Restricted dividend payments mean less money that flows to shareholders — typically large institutional investors.

“There’s people on one side of the wall who want a bundle of cash in their hands, and there’s regulators on the other side of the wall who are not handing them that cash,” Stanley said. “It’s not about process, it’s not about models … this is a straight-up money thing.”

Stanley said he doubts that Congress will curb CCAR legislatively, because, as Toomey pointed out, there is no statutory basis for CCAR. The Fed could make any or all of the changes that lawmakers seek, including discarding CCAR altogether, without any input from Congress. That theoretically gives the Trump administration a chance to take charge of the process.

“If you just appoint a set of regulators who want to get rid of it, you can get rid of it — you don’t need legislation,” Stanley said.

And Abernathy said the legislative proposals could be a feint designed more to influence the Fed than to handcuff it to any particular legislative vision. The Fed may be moving in that direction on its own.

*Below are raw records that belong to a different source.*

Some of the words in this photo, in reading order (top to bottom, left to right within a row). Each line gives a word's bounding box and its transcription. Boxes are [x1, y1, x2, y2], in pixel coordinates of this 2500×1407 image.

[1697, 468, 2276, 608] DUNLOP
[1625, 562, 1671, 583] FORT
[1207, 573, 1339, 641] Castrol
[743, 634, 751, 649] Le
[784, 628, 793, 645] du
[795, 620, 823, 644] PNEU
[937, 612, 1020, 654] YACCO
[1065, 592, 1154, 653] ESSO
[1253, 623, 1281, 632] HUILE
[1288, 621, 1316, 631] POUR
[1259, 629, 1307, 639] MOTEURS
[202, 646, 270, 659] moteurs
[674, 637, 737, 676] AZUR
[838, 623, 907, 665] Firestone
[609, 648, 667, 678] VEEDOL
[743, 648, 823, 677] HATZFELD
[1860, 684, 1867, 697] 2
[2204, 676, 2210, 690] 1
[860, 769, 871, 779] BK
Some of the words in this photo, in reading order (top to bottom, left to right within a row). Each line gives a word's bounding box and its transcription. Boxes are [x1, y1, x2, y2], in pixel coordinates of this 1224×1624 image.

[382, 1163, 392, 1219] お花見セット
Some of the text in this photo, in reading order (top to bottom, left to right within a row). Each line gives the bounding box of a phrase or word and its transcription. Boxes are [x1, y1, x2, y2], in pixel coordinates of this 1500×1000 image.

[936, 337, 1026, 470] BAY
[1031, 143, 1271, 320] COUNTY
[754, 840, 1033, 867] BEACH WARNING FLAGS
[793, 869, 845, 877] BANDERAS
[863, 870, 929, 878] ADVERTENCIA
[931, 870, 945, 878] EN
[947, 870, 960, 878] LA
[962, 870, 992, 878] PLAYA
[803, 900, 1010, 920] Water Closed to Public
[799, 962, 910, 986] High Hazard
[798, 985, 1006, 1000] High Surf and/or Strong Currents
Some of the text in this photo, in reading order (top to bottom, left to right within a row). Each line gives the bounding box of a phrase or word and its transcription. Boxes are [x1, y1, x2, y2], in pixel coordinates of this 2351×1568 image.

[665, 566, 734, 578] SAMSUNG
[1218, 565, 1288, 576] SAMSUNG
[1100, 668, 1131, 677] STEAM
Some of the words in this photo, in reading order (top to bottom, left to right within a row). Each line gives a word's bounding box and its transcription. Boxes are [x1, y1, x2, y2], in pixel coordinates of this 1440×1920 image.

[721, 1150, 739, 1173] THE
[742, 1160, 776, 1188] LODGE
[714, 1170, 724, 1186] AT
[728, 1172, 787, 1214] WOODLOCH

"Often the regulators, in order to do the kinds of reforms they want to do, don’t mind, at least not privately, getting a nudge from Congress," Abernathy said. "I don’t know if that’s what is going on … but I wouldn’t be surprised if the regulators say, Where you’re trying to push us to go is kind of where we want to go anyway."

George Madison, a partner with Sidley Austin and former policy adviser to then-Treasury Secretary Tim Geithner, said that a wholesale dismemberment of the stress testing regime is a fairly remote possibility, even with Trump’s picks ascending to the Fed board. Stress testing is now part of the “regulatory DNA” at the Fed and elsewhere in the financial system, and killing CCAR isn’t going to change the need for bank supervision, of which CCAR is a critical part, he said.

“The president has a couple seats on the board of governors to put in place, and I do think over time there will be more, and who knows what kind of people he’s going to put in place,” Madison said. “But typically they are economists, and they are trained like every other economist, regardless of their political stripe. They know the importance of the Fed’s ability to manage the regulatory system with respect to banks … and to make sure they are not going to go under.”

And the Fed has broad authorities to sanction banks in various ways, according to Mike Alix, financial services consulting risk leader with PwC. These include curbing dividend payments, downgrading ratings and subjecting banks to heightened scrutiny. If anything, doing away with CCAR might create more trouble for banks because the application of penalties may be less predictable.

“They still have the power to use their examination resources to test whether firms are kind of qualitatively opaque,” Alix said. “And if not, they have other means by which they can create problems to the firms. The objection hasn’t gone away, the assessment hasn’t gone away, and the consequences for having weak processes will still be pretty significant for the institutions.”

Stanley said the coming fight over CCAR is likely to be among the most consequential aspects of Dodd-Frank reform, even if other programs get more headlines.

“This is what the Fed has chosen as its form of 21st-century consolidated bank supervision,” Stanley said. “In terms of just systemic stability and regulation of systemic risk, this is very, very important — pretty much as important as it gets, even though it’s flown under the radar.”